Clearly, the U.S. economy has seen better days. Justin Lahart wrote in The Wall Street Journal Online that a combination of debt, high food and energy prices and a weakening job market points to a troubled economy.
I have written about these concerns…Numbers show that unemployment is at a 2-year high. In December, the economy only added 18,000 jobs instead of the 70,000 predicted. These are the worst numbers reported since August 2003. U.S. News & World Report’s Best Careers for 2008 lists jobs with a positive growth outlook, but job losses will cut across many industries – from banking to Yahoo!
What can you do now if you think you may lose your job?
Anita Bruzzese, columnist and author of 45 Things You Do That Drive Your Boss Crazy, offered several tips for those concerned about their jobs in her blog, Protecting Your Job in Tough Times. She suggests:
Getting connected by increasing face time in the office (including telecommuters).
Keeping in touch with contacts in other departments to get the pulse of your company’s situation. If things look bad, you can start getting resumes out.
Network like crazy.
Stay on the cutting edge of your field and be ready to lead, as leaders and innovators will find opportunities.

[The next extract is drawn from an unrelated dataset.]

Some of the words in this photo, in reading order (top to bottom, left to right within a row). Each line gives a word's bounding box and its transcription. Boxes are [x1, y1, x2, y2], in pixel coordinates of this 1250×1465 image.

Penelope Trunk, a columnist whose book and blog is Brazen Careerist, offers this advice to prepare for a bad job market:
Be a specialist, not a generalist, as a tight job market will allow employers to seek an exact match to their qualifications.

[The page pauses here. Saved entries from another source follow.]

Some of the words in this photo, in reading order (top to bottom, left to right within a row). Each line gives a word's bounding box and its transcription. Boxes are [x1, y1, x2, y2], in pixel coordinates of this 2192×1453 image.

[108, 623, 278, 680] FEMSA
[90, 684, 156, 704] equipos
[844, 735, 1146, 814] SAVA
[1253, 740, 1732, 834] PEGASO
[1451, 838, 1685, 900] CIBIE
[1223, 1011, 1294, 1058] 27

If you can’t list a few strong accomplishments for your current job, make something big happen now so you’ll have good fodder for your resume.
Consider graduate school.
Focus on the quality of your work and securing strong mentors.
All of these suggestions remind us that it’s not a good idea to wait for a crisis to plot our career path. Networking, specializing, leading, finding mentors — none of these are things that can be done overnight. We are so busy DOING our jobs, we don’t take the time to drive our own career bus, so to speak.

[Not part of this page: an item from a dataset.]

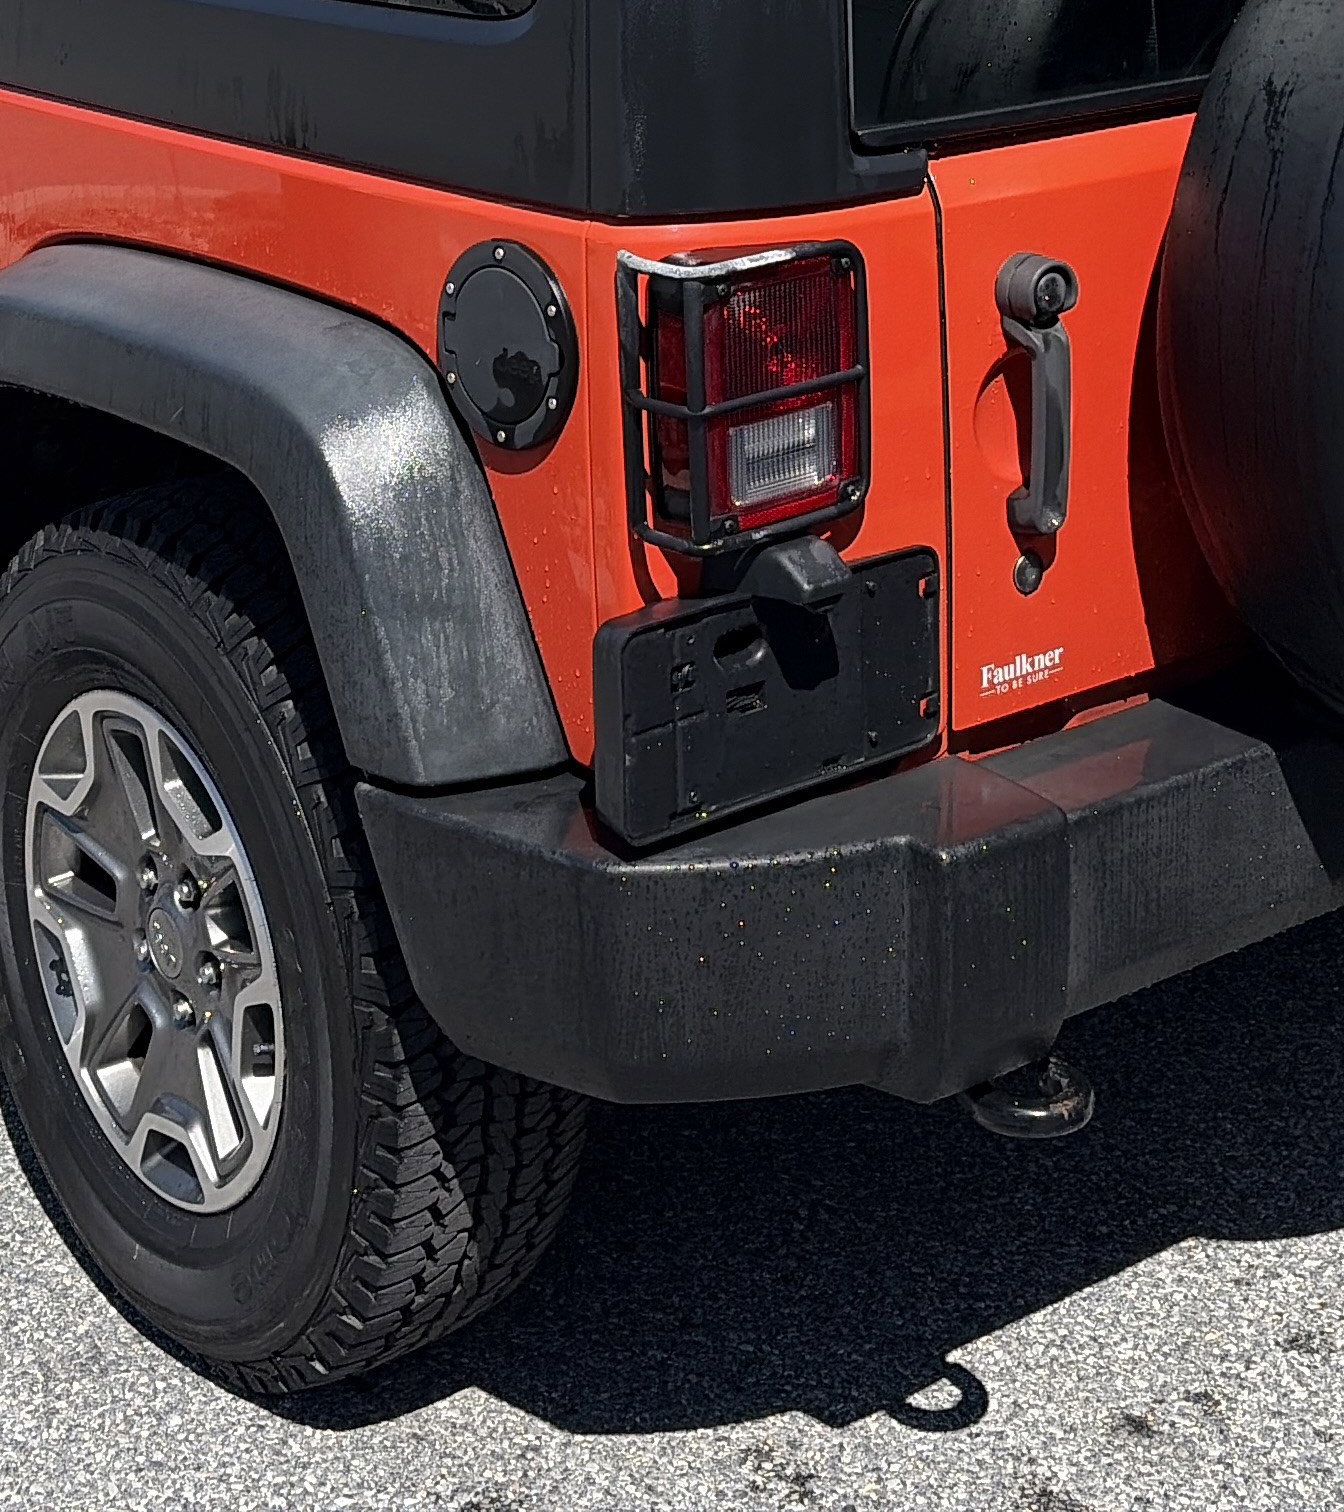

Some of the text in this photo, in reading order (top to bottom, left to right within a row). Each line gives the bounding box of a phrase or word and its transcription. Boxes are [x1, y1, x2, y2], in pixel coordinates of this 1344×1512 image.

[980, 647, 1064, 689] Faulkner
[995, 669, 1050, 695] TO BE SURE

We should all consider this a wake-up call. Plan ahead. Network all of the time, not only when you are looking for a job. Cultivate mentorships, both in and outside of your company. Focus on how you can stay ahead of the pack in your field and be a leader. Always have an up-to-date resume that you can confidently use at the drop of a hat should an opportunity arise.
Hopefully, if the next pink slip is yours, you will be able to see past the scary part of losing a job to the potential prospects. Maybe, with hard work and effort, you will be able to find something that may be a better opportunity for you. Much has been said on the power of positive thinking…Maybe now is a good time for that.